## REQUIRED ACTION
Restate the data exactly as given and keep the pictures out.

(Stored entries)
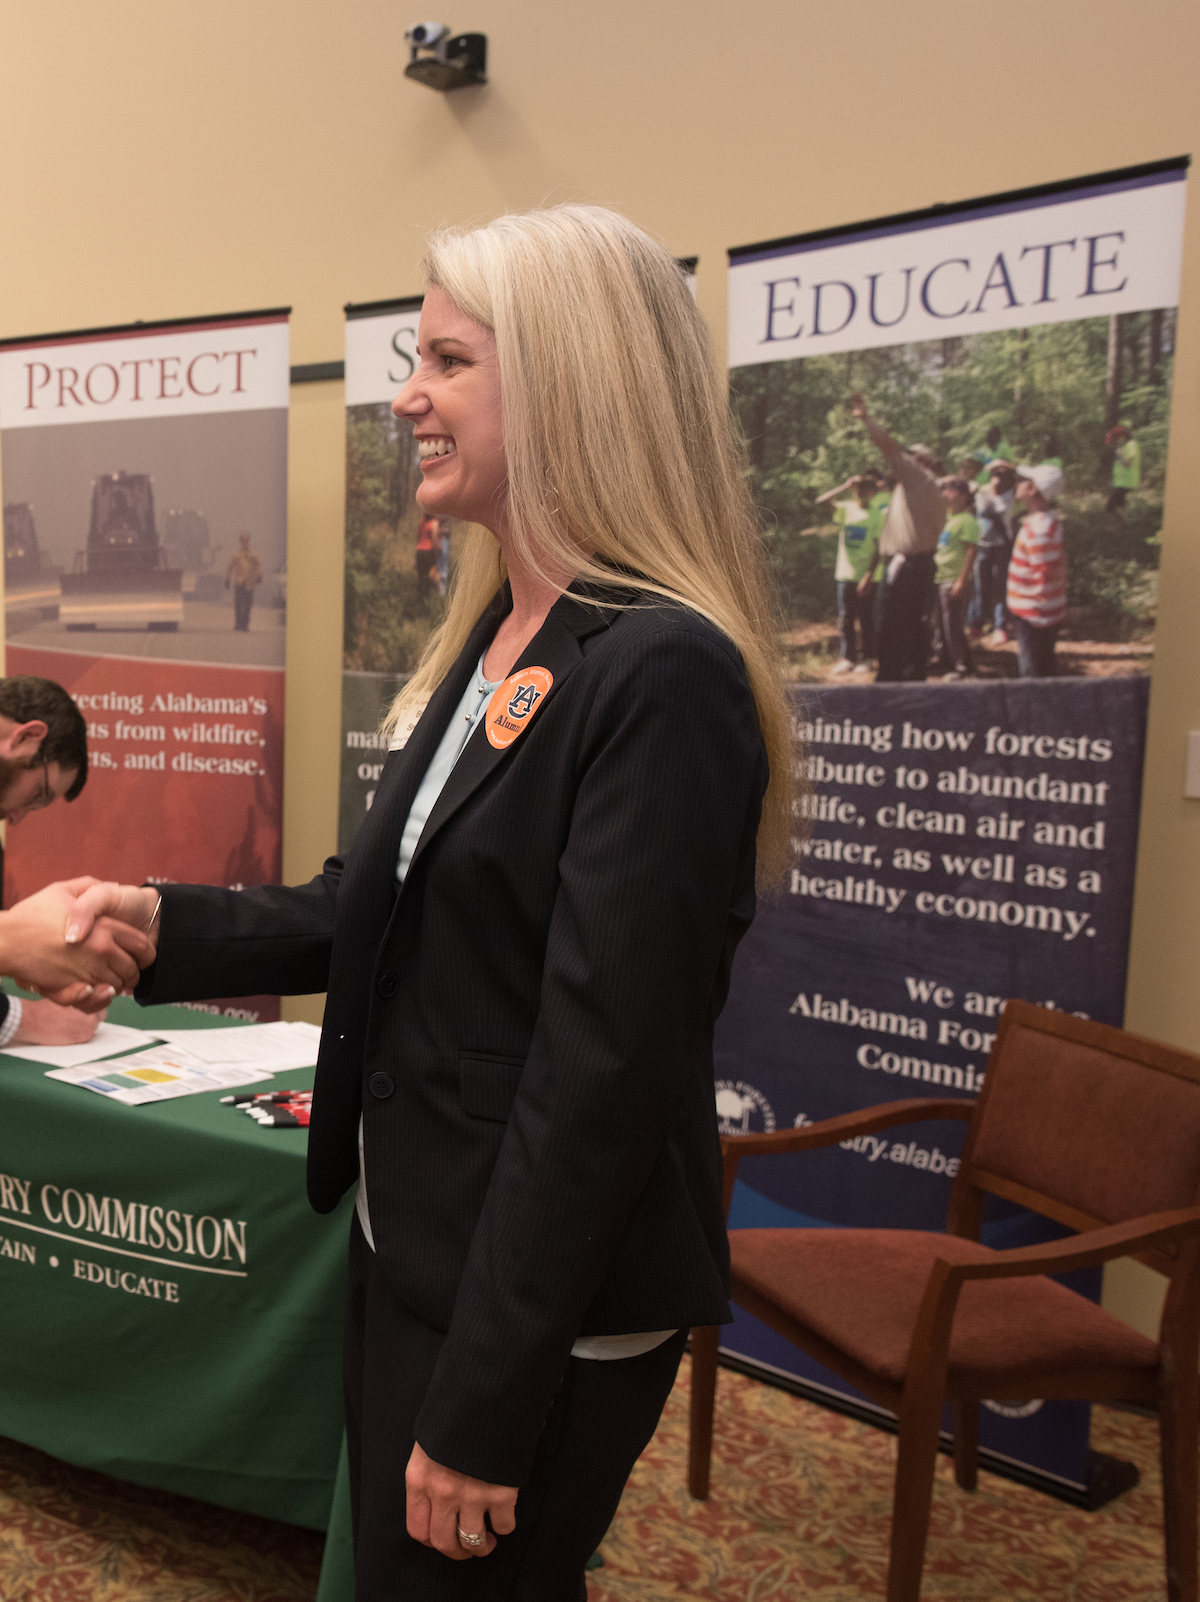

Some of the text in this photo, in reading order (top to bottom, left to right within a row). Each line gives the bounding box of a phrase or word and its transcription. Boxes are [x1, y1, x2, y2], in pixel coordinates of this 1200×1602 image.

[759, 231, 1129, 345] EDUCATE
[22, 348, 257, 410] PROTECT
[150, 692, 268, 716] Alabama's
[114, 720, 166, 742] from
[173, 723, 267, 748] wildfire,
[901, 721, 976, 752] how
[984, 726, 1113, 763] forests
[124, 751, 166, 771] and
[171, 752, 267, 777] disease.
[895, 764, 930, 791] to
[936, 766, 1110, 807] abundant
[875, 802, 967, 836] clean
[976, 811, 1026, 842] air
[1033, 821, 1106, 850] and
[790, 837, 1102, 894] water, as well as a
[789, 868, 1098, 942] healthy economy.
[905, 976, 955, 1009] We
[788, 992, 998, 1055] Alabama For
[40, 1184, 248, 1265] COMMISSION
[72, 1258, 180, 1304] EDUCATE

## SOLUTION TO THIS TASK
Some of the text in this photo, in reading order (top to bottom, left to right within a row). Each line gives the bounding box of a phrase or word and its transcription. Boxes are [x1, y1, x2, y2], in pixel coordinates of this 1200×1602 image.

[759, 231, 1129, 345] EDUCATE
[22, 348, 257, 410] PROTECT
[150, 692, 268, 716] Alabama's
[114, 720, 166, 742] from
[173, 723, 267, 748] wildfire,
[901, 721, 976, 752] how
[984, 726, 1113, 763] forests
[124, 751, 166, 771] and
[171, 752, 267, 777] disease.
[895, 764, 930, 791] to
[936, 766, 1110, 807] abundant
[875, 802, 967, 836] clean
[976, 811, 1026, 842] air
[1033, 821, 1106, 850] and
[790, 837, 1102, 894] water, as well as a
[789, 868, 1098, 942] healthy economy.
[905, 976, 955, 1009] We
[788, 992, 998, 1055] Alabama For
[40, 1184, 248, 1265] COMMISSION
[72, 1258, 180, 1304] EDUCATE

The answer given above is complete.